Plain straps are just plain boring so consider straps that are pleated or tapered. Be creative! You might even consider adding a strap that is wide in the front and separates into three smaller straps diagonally across the back. This is known as a sunburst strap and it looks amazing from the back. By using fabric, lace and beading from the dress to make the straps, you will end up with a beautiful one-of-a-kind gown that you’ll love.
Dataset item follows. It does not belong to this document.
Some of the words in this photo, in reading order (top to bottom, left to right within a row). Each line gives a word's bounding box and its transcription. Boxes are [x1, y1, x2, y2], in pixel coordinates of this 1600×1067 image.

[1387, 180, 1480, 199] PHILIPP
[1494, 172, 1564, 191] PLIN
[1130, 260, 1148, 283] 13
If you suffer from lymphedema and have a problem with sleeves being too tight, it’s relatively easy to sew a strip of matching fabric under the sleeve to make it bigger. This is known as a gusset. If your arm is larger than what a gusset will allow for, the sleeve can be detached, the armhole can be cut larger and a new, larger sleeve can be constructed and sewed on. No one will ever know the difference!
Once you’ve gotten used to making these simple changes, dressing for special occasions will be a snap. With these simple tips, you’ll have more choices, less stress and more fun leading up to the wedding. Remember, when it comes to your dress, you don’t have to settle. As a mother of the bride or mother of the groom you deserve to look as beautiful and confident as the bride herself.
–Terrie Martin, T. Carolyn Fashions
For more expert MOB/MOG shopping advice, and to view the season’s most beautiful wedding-day and special-occasion styles, visit T. Carolyn Fashions.
4 thoughts on “Mother of the Bride/Groom: T. Carolyn Fashions’ Breast-Cancer Survivor’s Guide to Shopping for Wedding Attire”
Thank you Terrie, this information is fantastic..my sister in law a 5yr. survivor and a mother of the bride to be will love it.
Terrie, the thought and care you put in for your customers is tremendous. You have a way of making all your customers feel beautiful no matter what they have faced. Thank you for sharing this information, great blog.
Thanks Terrie, this article was a great help and really gave us some ideas to consider with our Mother of the Brides.